1-7 キワモノと呼ばないで

 男達はあやめの姿を見ると腰を折って頭をたれた。

「お嬢、家出などやめてどうぞ家に戻ってきてください」


「お嬢? 家出、って……。ひょっとして、あやめちゃん、暴力団関係の――」

 照子があやめを見て問いかけたが、彼女をさえぎって男達の一人が声を荒らげた。

「暴力団じゃないわぃ! あんな外道と一緒にするな!」

「は、はいっ。すみませんっ」

 思わぬ場所からのドスのきいたツッコミに、照子は思わず姿勢を正して頭を下げた。


「お嬢を助けてくれた人に、その言いようはなんや!」

 更に怒鳴り声が響く。その声の主は、照子に怒鳴った男よりも更に若い感じがするのだが、立場は上なのだろう。

 叱られた男が「へい。すいません」と恐縮している。


「うちのもんが、失礼しました。俺は田村隆介たむらりゅうすけっちゅうもんです。もうお察しかとは思いますが、そこのあやめお嬢さんは、うちの組の組長の娘さんです」


 田村が言うには、あやめは、大阪のやくざ「桐生会」の組長、桐生総一郎きりゅうそういちろうの一人娘だという。

 桐生会は、あやめを誘拐しようとしていた「川口組」のような典型的な暴力団とは違い、地元に根付いた、細々とした活動をしているやくざだという。


「あんな、カネのためならクスリや暴力に頼る連中とは違うんです。そのあたりはご理解いただきたい」

 田村はそう言って照子に頭を下げた。


 この田村という人は、それほど怖くないと照子は思った。話が通じそうな相手だ。


「……暴力団もやくざも、変わんないわよ」

 あやめがふてくされたような顔をしてつぶやいた。

「お嬢……。そんなふうにいわんとってください」

 田村が眉をハの字に曲げてあやめを見た。


「とにかく、組長が、お父上が心配なさってます。また襲われても困りますし、家に帰りましょう」

 田村の懇願するような提案に、あやめはしぶしぶうなずいた。「川口組」の連中がまた来たら、確かに大変だと思ったのだろう。

 あやめは田村につれれられて彼らの車に乗る。


 娘を助けてくれた礼を言いたいと組長が言っているらしいので、照子と信司も桐生家に行くこととなった。

 元よりあやめを送り届けるつもりであったし、こんな機会でもない限り、やくざの邸宅に行くこともないだろう。どんな家だろうかと照子の好奇心がちょっぴり刺激される。

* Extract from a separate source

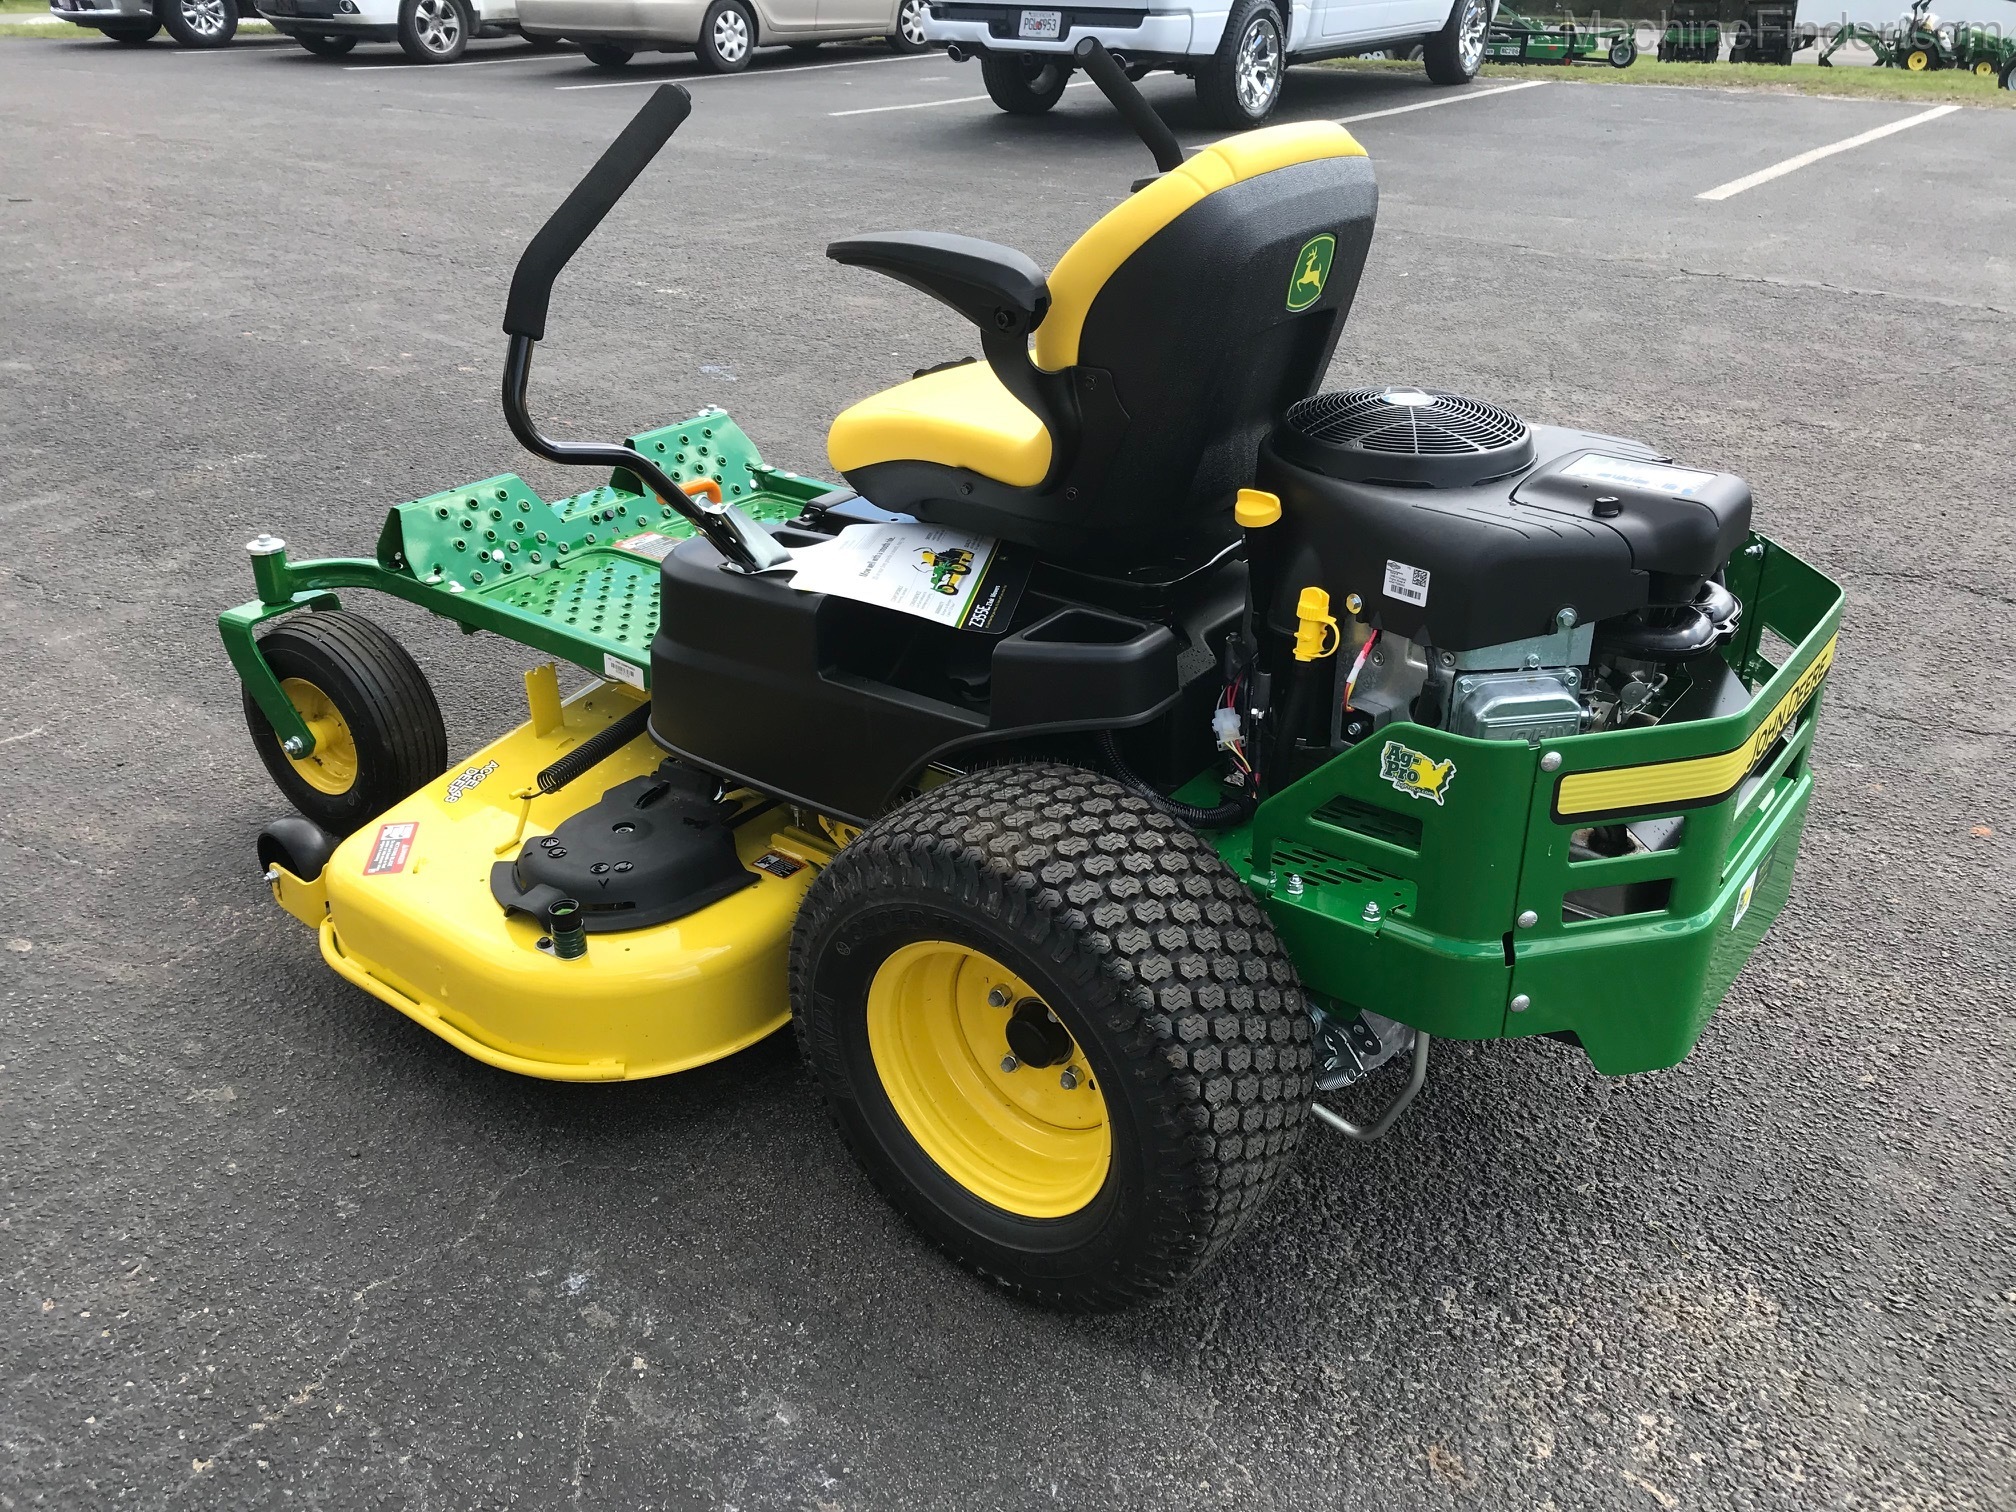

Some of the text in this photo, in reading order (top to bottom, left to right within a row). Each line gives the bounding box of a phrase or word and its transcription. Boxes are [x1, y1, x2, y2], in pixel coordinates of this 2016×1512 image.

 田村が話の判りそうな男だということで照子の恐怖心が薄らいでいた。


 バイクで移動すること三十分弱。一同は桐生家に到着した。

 古い日本邸宅で、大きめの木の表札には桐生の文字が墨で書かれている。近所の近代建築の家々からすれば明らかに浮いているが、ここまでどっしりと構えていると、周りがこの家に不調和なのだと思うほどだ。


「おかえりなさいませ、お嬢」

 玄関の近くで、若い男た数名、並んで出迎えている。あやめは「ただいま」と小さな声でつぶやいて家に入っていく。


 田村が、どうぞ中へと勧めるので照子と信司も門をくぐった。どうやらお出迎えの男達も、照子達があやめを助けたのだと聞いているらしく、深々と頭を下げた。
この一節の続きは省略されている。